### WHAT IS BEING ASKED:
In your answer, transcribe all of the data exactly.

### RECORDS FOR THIS EXERCISE:
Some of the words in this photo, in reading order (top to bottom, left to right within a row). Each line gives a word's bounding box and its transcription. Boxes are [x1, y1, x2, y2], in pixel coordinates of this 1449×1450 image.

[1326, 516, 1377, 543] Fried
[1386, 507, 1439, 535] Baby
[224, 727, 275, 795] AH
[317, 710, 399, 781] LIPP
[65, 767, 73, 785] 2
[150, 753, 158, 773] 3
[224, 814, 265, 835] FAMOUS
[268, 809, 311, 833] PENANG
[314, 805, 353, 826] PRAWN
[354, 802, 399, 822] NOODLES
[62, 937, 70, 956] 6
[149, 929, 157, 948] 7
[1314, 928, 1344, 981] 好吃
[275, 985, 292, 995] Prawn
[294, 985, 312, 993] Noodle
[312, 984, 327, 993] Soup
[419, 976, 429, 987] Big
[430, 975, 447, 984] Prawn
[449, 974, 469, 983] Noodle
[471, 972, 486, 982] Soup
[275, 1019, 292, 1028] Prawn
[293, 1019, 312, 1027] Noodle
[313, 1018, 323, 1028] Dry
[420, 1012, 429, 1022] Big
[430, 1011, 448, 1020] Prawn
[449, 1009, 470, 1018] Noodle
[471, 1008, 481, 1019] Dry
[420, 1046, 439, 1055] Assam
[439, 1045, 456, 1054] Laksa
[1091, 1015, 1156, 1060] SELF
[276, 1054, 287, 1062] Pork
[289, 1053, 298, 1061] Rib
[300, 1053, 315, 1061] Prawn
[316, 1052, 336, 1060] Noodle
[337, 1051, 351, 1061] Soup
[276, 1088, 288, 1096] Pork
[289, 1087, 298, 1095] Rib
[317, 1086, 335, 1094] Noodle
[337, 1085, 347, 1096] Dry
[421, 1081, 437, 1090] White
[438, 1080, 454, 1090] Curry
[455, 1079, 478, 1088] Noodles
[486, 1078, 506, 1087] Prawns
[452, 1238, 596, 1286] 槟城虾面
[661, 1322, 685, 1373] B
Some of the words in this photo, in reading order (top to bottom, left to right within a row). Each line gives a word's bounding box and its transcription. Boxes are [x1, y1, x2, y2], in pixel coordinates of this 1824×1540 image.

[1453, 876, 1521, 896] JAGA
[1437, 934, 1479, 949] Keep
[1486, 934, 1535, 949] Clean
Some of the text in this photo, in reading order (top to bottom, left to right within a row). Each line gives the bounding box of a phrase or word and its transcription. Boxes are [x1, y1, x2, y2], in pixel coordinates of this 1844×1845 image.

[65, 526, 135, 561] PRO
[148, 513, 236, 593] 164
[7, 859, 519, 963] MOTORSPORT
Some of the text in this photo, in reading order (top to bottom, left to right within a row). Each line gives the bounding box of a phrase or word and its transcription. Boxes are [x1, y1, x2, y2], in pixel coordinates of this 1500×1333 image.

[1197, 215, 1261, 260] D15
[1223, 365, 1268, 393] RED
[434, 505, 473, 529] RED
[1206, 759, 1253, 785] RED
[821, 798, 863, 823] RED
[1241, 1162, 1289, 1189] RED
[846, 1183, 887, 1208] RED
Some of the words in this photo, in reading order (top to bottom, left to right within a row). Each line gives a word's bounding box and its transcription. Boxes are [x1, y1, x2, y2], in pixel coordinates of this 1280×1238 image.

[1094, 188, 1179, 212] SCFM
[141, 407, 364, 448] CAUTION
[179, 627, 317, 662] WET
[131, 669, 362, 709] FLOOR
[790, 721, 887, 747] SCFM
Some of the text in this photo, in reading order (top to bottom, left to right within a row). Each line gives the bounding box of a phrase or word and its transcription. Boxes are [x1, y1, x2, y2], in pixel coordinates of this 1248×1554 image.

### ANSWER TO THIS PROBLEM:
Some of the words in this photo, in reading order (top to bottom, left to right within a row). Each line gives a word's bounding box and its transcription. Boxes are [x1, y1, x2, y2], in pixel coordinates of this 1449×1450 image.

[1326, 516, 1377, 543] Fried
[1386, 507, 1439, 535] Baby
[224, 727, 275, 795] AH
[317, 710, 399, 781] LIPP
[65, 767, 73, 785] 2
[150, 753, 158, 773] 3
[224, 814, 265, 835] FAMOUS
[268, 809, 311, 833] PENANG
[314, 805, 353, 826] PRAWN
[354, 802, 399, 822] NOODLES
[62, 937, 70, 956] 6
[149, 929, 157, 948] 7
[1314, 928, 1344, 981] 好吃
[275, 985, 292, 995] Prawn
[294, 985, 312, 993] Noodle
[312, 984, 327, 993] Soup
[419, 976, 429, 987] Big
[430, 975, 447, 984] Prawn
[449, 974, 469, 983] Noodle
[471, 972, 486, 982] Soup
[275, 1019, 292, 1028] Prawn
[293, 1019, 312, 1027] Noodle
[313, 1018, 323, 1028] Dry
[420, 1012, 429, 1022] Big
[430, 1011, 448, 1020] Prawn
[449, 1009, 470, 1018] Noodle
[471, 1008, 481, 1019] Dry
[420, 1046, 439, 1055] Assam
[439, 1045, 456, 1054] Laksa
[1091, 1015, 1156, 1060] SELF
[276, 1054, 287, 1062] Pork
[289, 1053, 298, 1061] Rib
[300, 1053, 315, 1061] Prawn
[316, 1052, 336, 1060] Noodle
[337, 1051, 351, 1061] Soup
[276, 1088, 288, 1096] Pork
[289, 1087, 298, 1095] Rib
[317, 1086, 335, 1094] Noodle
[337, 1085, 347, 1096] Dry
[421, 1081, 437, 1090] White
[438, 1080, 454, 1090] Curry
[455, 1079, 478, 1088] Noodles
[486, 1078, 506, 1087] Prawns
[452, 1238, 596, 1286] 槟城虾面
[661, 1322, 685, 1373] B
Some of the words in this photo, in reading order (top to bottom, left to right within a row). Each line gives a word's bounding box and its transcription. Boxes are [x1, y1, x2, y2], in pixel coordinates of this 1824×1540 image.

[1453, 876, 1521, 896] JAGA
[1437, 934, 1479, 949] Keep
[1486, 934, 1535, 949] Clean
Some of the text in this photo, in reading order (top to bottom, left to right within a row). Each line gives the bounding box of a phrase or word and its transcription. Boxes are [x1, y1, x2, y2], in pixel coordinates of this 1844×1845 image.

[65, 526, 135, 561] PRO
[148, 513, 236, 593] 164
[7, 859, 519, 963] MOTORSPORT
Some of the text in this photo, in reading order (top to bottom, left to right within a row). Each line gives the bounding box of a phrase or word and its transcription. Boxes are [x1, y1, x2, y2], in pixel coordinates of this 1500×1333 image.

[1197, 215, 1261, 260] D15
[1223, 365, 1268, 393] RED
[434, 505, 473, 529] RED
[1206, 759, 1253, 785] RED
[821, 798, 863, 823] RED
[1241, 1162, 1289, 1189] RED
[846, 1183, 887, 1208] RED
Some of the words in this photo, in reading order (top to bottom, left to right within a row). Each line gives a word's bounding box and its transcription. Boxes are [x1, y1, x2, y2], in pixel coordinates of this 1280×1238 image.

[1094, 188, 1179, 212] SCFM
[141, 407, 364, 448] CAUTION
[179, 627, 317, 662] WET
[131, 669, 362, 709] FLOOR
[790, 721, 887, 747] SCFM
Some of the text in this photo, in reading order (top to bottom, left to right within a row). Each line gives the bounding box of a phrase or word and its transcription. Boxes are [x1, y1, x2, y2], in pixel coordinates of this 1248×1554 image.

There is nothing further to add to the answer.